- **Data for this task**:

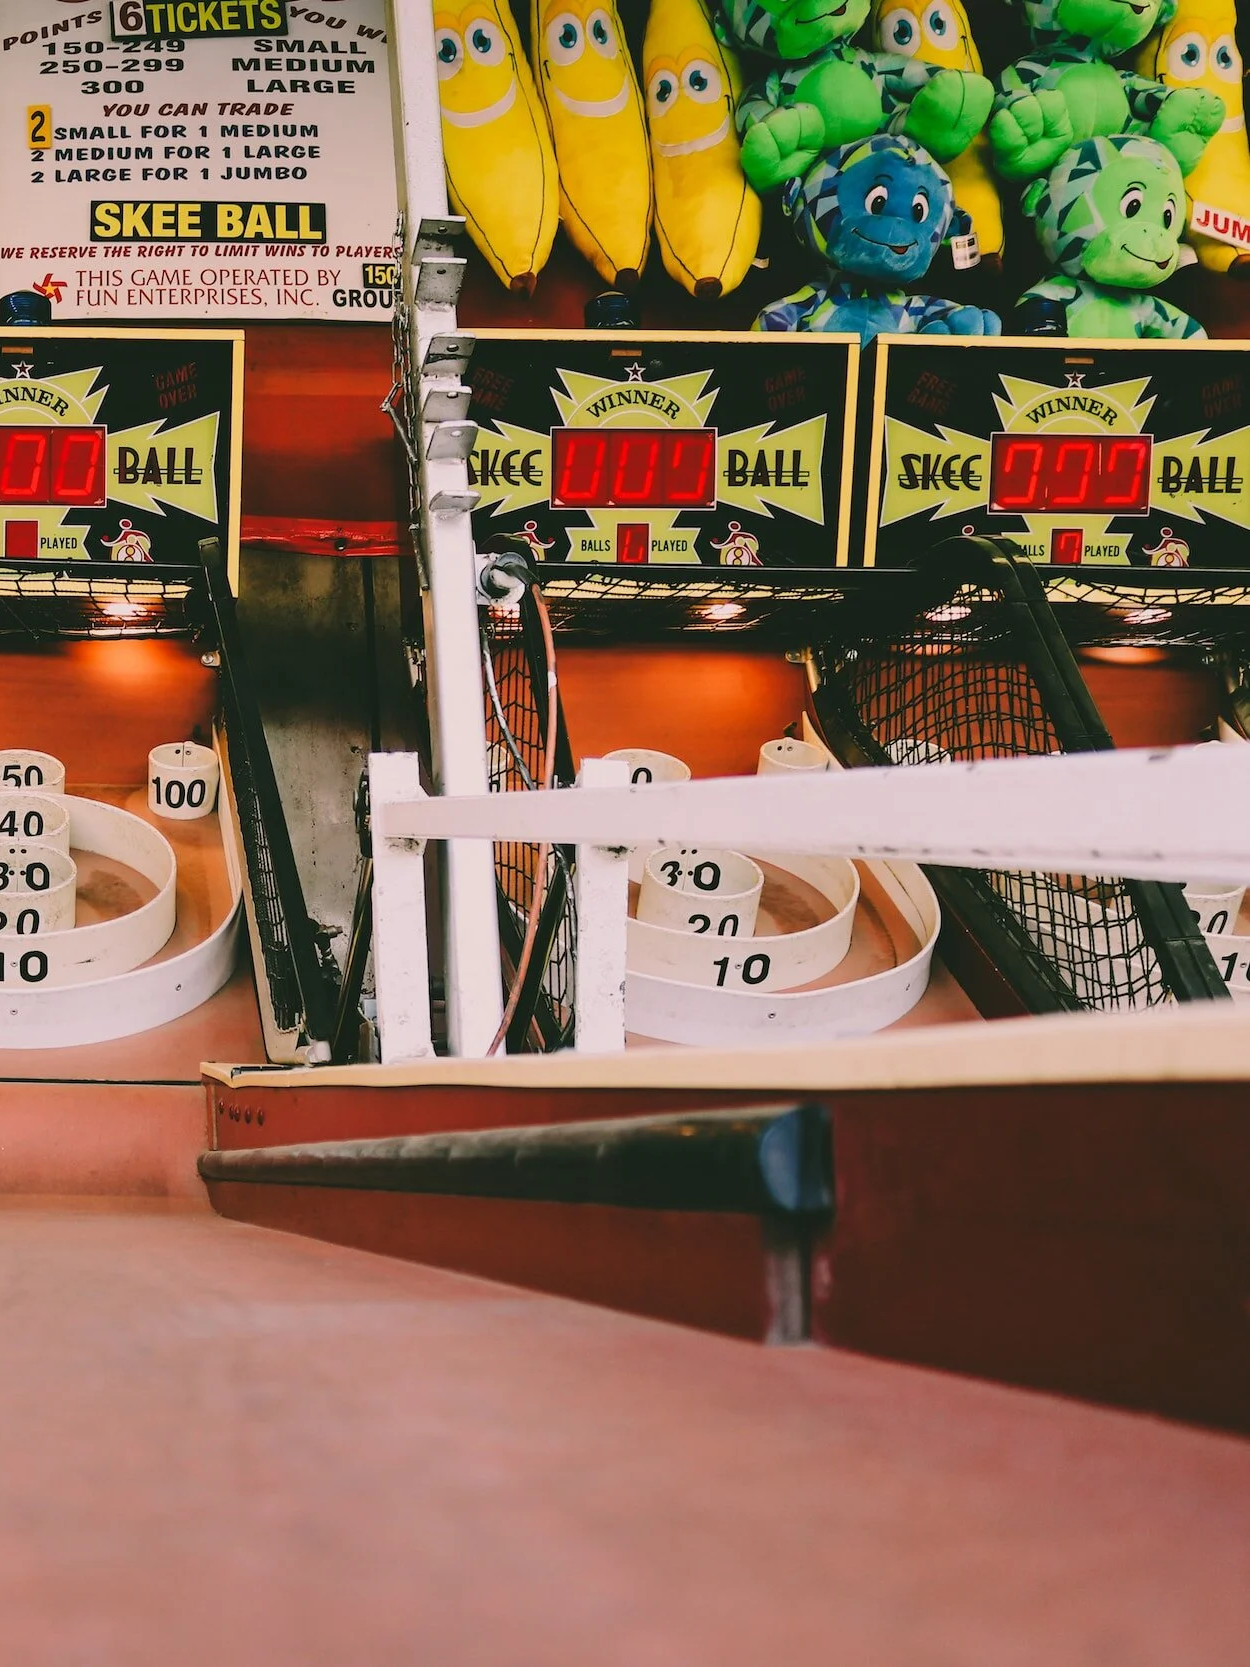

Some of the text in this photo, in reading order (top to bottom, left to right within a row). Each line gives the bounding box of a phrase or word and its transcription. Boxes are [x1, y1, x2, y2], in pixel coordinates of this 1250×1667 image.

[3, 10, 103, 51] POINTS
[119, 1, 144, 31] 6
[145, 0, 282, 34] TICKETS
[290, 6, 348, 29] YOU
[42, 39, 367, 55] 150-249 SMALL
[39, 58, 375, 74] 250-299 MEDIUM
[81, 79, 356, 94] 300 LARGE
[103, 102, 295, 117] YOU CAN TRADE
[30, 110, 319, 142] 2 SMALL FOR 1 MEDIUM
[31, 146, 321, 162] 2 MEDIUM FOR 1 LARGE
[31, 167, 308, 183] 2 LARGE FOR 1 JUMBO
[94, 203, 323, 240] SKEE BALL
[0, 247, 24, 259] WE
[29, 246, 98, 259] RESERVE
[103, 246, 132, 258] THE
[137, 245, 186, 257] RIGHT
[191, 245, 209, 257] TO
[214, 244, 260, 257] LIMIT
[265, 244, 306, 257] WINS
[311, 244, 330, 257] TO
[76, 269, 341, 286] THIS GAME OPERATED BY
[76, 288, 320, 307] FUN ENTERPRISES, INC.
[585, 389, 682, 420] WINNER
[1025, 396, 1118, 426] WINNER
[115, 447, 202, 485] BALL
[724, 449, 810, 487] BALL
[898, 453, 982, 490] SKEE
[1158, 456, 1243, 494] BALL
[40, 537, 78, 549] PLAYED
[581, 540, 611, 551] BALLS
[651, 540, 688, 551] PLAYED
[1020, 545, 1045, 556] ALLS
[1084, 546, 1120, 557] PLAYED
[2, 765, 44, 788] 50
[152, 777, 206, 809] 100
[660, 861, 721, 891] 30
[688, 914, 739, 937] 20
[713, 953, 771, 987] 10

- **Problem to solve**: Would you output the data exactly, without any of its images?

- **Response area**:
Some of the text in this photo, in reading order (top to bottom, left to right within a row). Each line gives the bounding box of a phrase or word and its transcription. Boxes are [x1, y1, x2, y2], in pixel coordinates of this 1250×1667 image.

[3, 10, 103, 51] POINTS
[119, 1, 144, 31] 6
[145, 0, 282, 34] TICKETS
[290, 6, 348, 29] YOU
[42, 39, 367, 55] 150-249 SMALL
[39, 58, 375, 74] 250-299 MEDIUM
[81, 79, 356, 94] 300 LARGE
[103, 102, 295, 117] YOU CAN TRADE
[30, 110, 319, 142] 2 SMALL FOR 1 MEDIUM
[31, 146, 321, 162] 2 MEDIUM FOR 1 LARGE
[31, 167, 308, 183] 2 LARGE FOR 1 JUMBO
[94, 203, 323, 240] SKEE BALL
[0, 247, 24, 259] WE
[29, 246, 98, 259] RESERVE
[103, 246, 132, 258] THE
[137, 245, 186, 257] RIGHT
[191, 245, 209, 257] TO
[214, 244, 260, 257] LIMIT
[265, 244, 306, 257] WINS
[311, 244, 330, 257] TO
[76, 269, 341, 286] THIS GAME OPERATED BY
[76, 288, 320, 307] FUN ENTERPRISES, INC.
[585, 389, 682, 420] WINNER
[1025, 396, 1118, 426] WINNER
[115, 447, 202, 485] BALL
[724, 449, 810, 487] BALL
[898, 453, 982, 490] SKEE
[1158, 456, 1243, 494] BALL
[40, 537, 78, 549] PLAYED
[581, 540, 611, 551] BALLS
[651, 540, 688, 551] PLAYED
[1020, 545, 1045, 556] ALLS
[1084, 546, 1120, 557] PLAYED
[2, 765, 44, 788] 50
[152, 777, 206, 809] 100
[660, 861, 721, 891] 30
[688, 914, 739, 937] 20
[713, 953, 771, 987] 10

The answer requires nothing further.